Special emphasis was declared on very large networks, as those used by the “top ten”
supercomputers. In addition, contributions to the design of algebraic error-correcting codes were
envisaged due to their intrinsic topological nature.
4. Architectural proposals. The proposals of complete network and router architectures
constitute another goal of this project. First, the topic of fault-tolerance was considered as a critical
one for forthcoming network technologies. In addition, routing and deadlock avoidance were
included as research topics. The design of scalable high-performance routers was considered as
another important issue. Special emphasis was also declared on small size networks for current
multi-core on-chip architectures and big networks for high-end supercomputers. Finally, the
architecture of network interfaces was also considered as another research goal of the project.

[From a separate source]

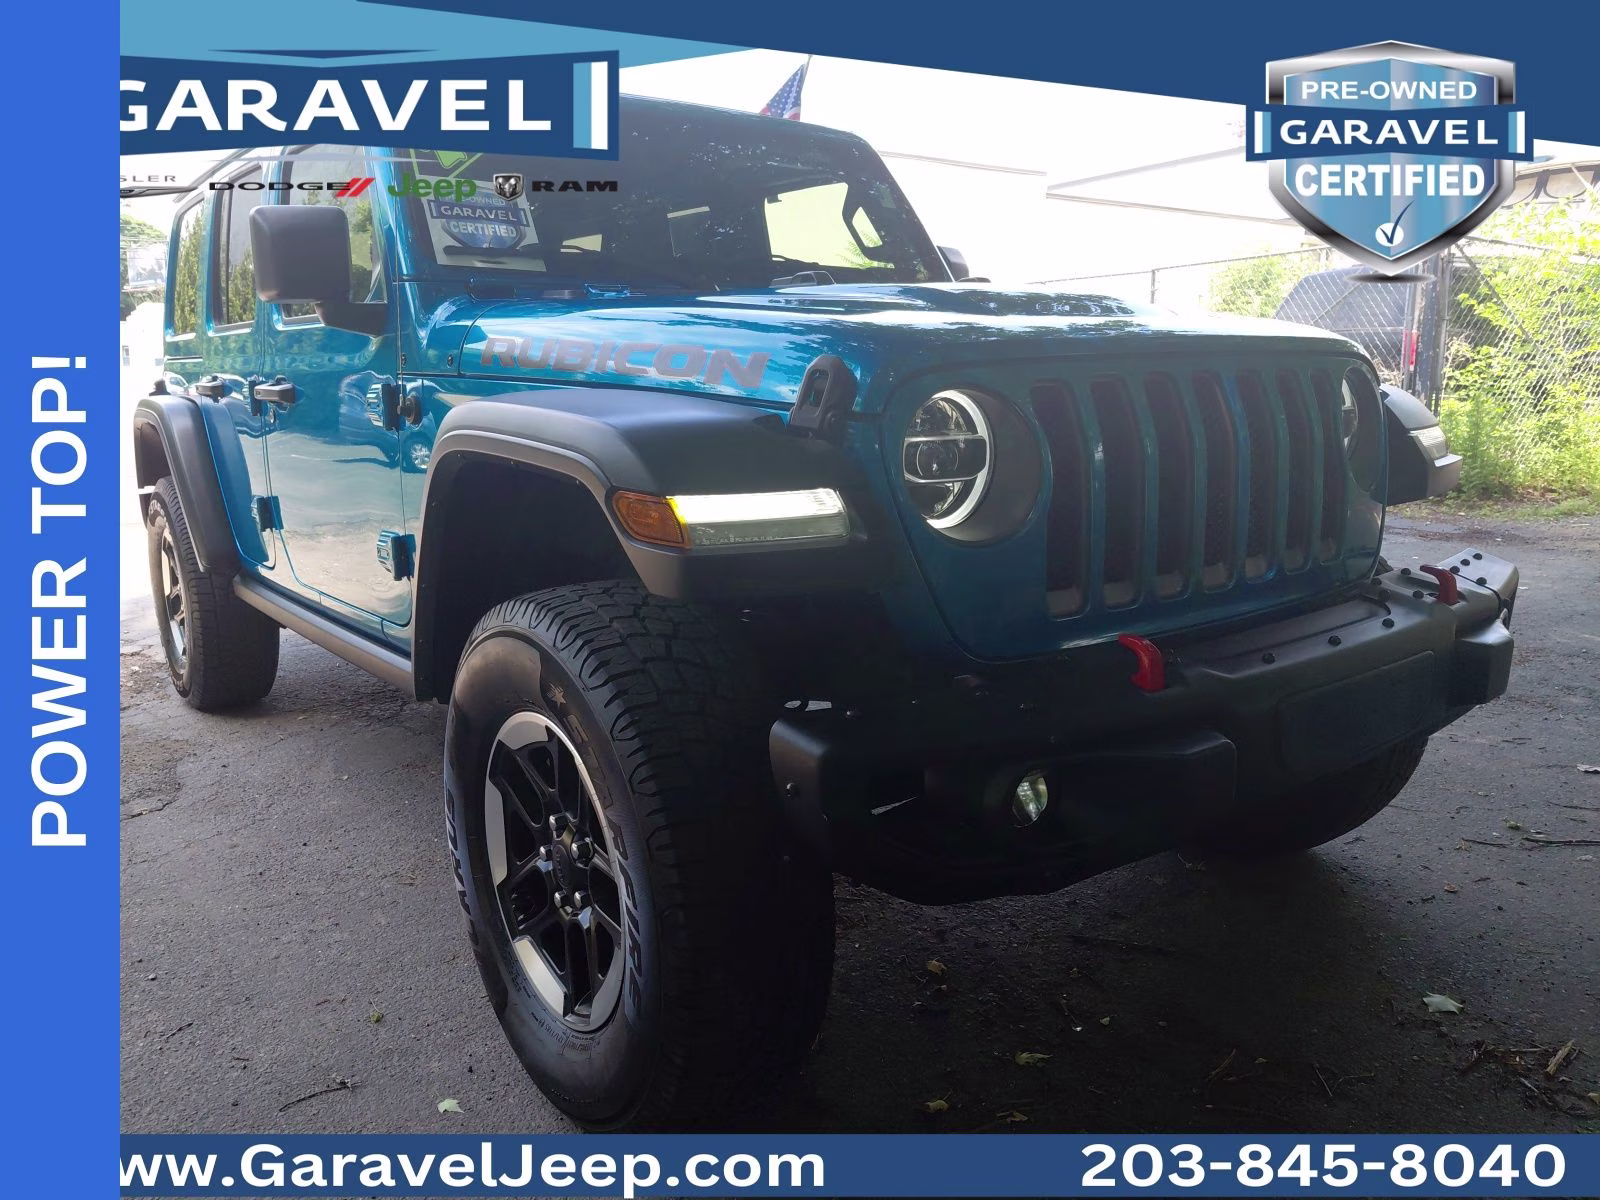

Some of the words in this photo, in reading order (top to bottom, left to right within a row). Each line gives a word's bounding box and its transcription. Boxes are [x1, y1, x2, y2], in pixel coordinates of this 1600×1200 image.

5. Parallel Applications. The targets around this research line were related to the parallelization of
scientific codes which requires high computational power. Two application suites were considered.

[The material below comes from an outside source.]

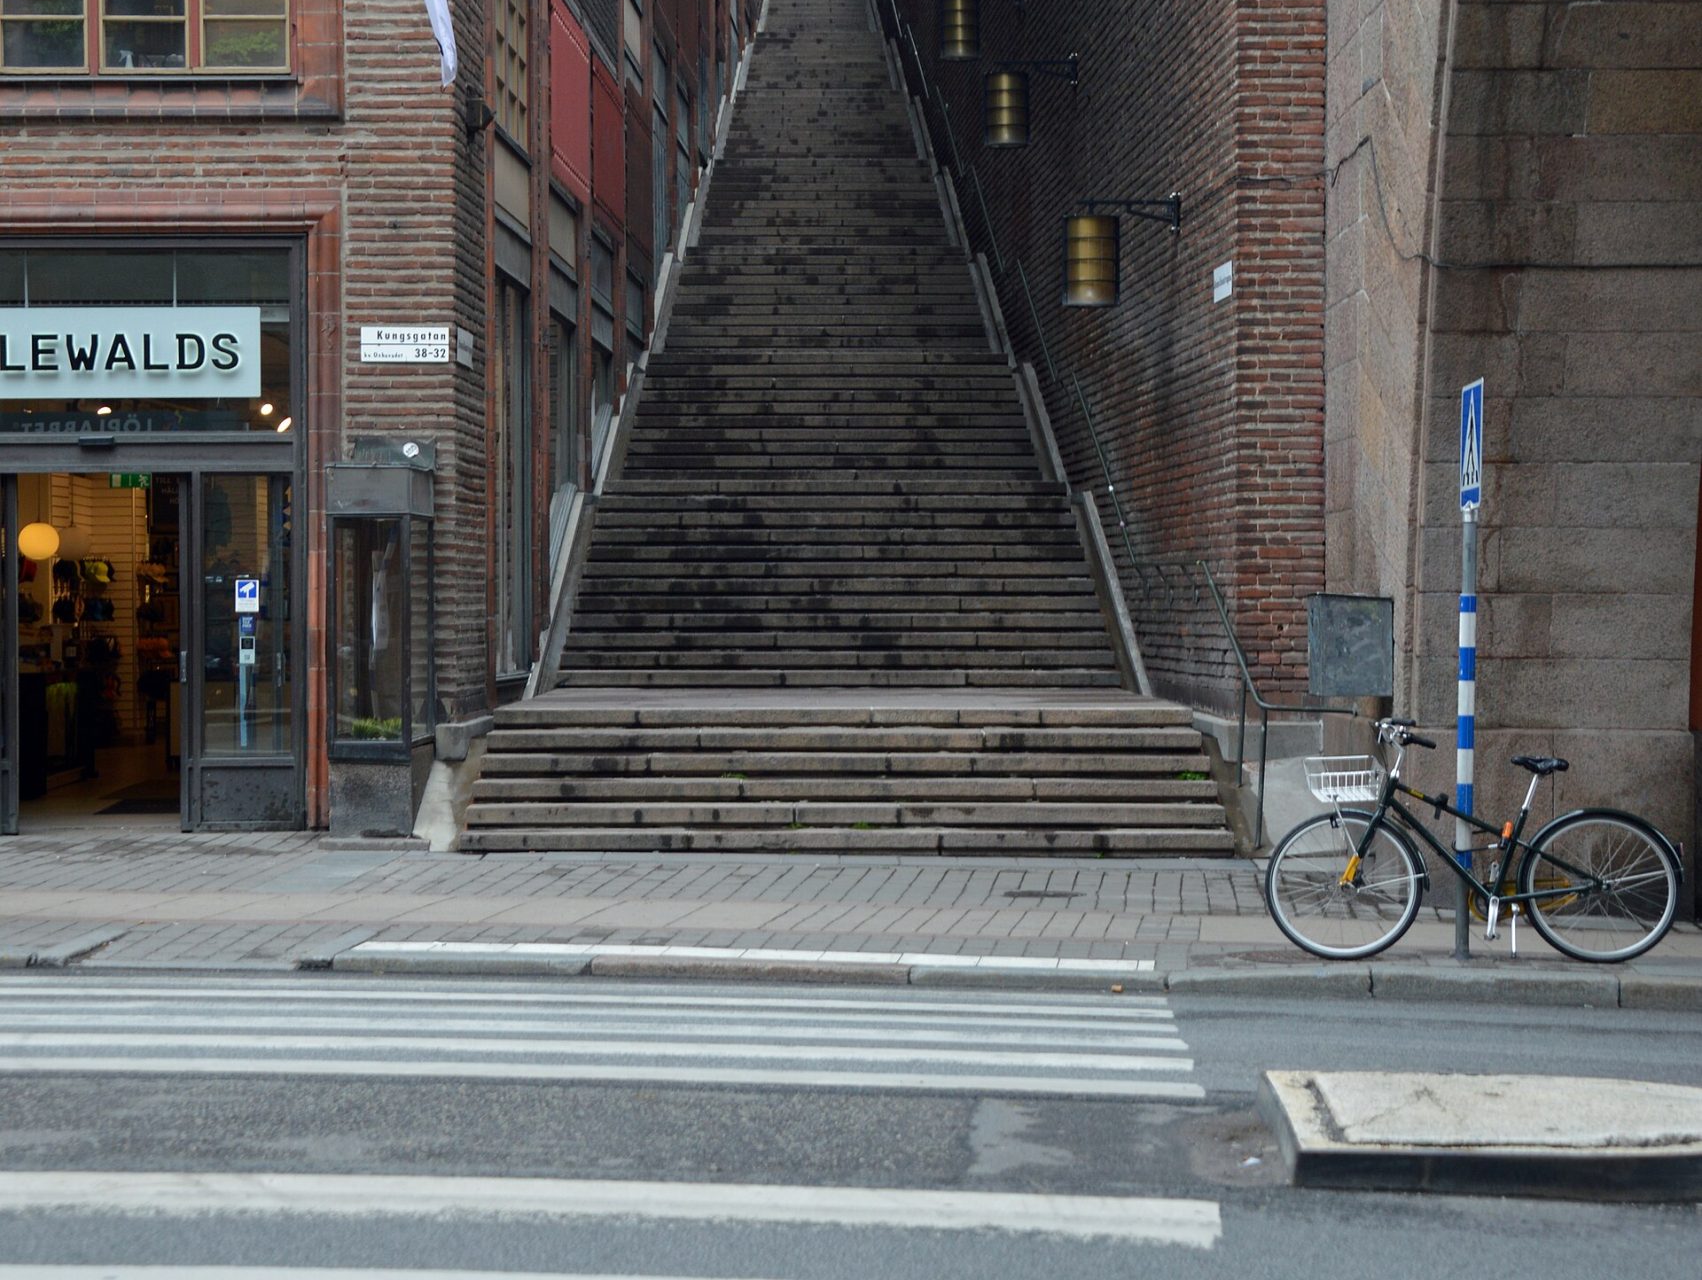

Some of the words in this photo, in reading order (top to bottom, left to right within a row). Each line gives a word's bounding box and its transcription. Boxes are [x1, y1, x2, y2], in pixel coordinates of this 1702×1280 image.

[376, 330, 447, 343] Kungsgatan
[0, 333, 240, 371] LEWALDS
[414, 348, 447, 359] 38-32

The first one is based on a set of bio-inspired algorithms denoted as Estimation of Distribution
Algorithms. The second one is a physics application devoted to the search of the Higgs boson based
on artificial neural networks. Clusters and Grid computing were declared as target platforms to run
the resulting parallel codes. In addition, load monitoring and load modeling were announced as
other research topics of the project.
2. Project Achievements
2.1. Simulation Tools
Supporting the advances in the other project goals, a complete evaluation framework has been
developed and maintained. Currently, we are working in two main simulation platforms, SICOSYS
(Simulator of Communicating Systems) and INSEE (Interconnection Network Simulation and
TIN2004-07440-C02
Evaluation Environment), and around these tools we have a complex infrastructure that allows us
to evaluate different interconnection network usage scenarios.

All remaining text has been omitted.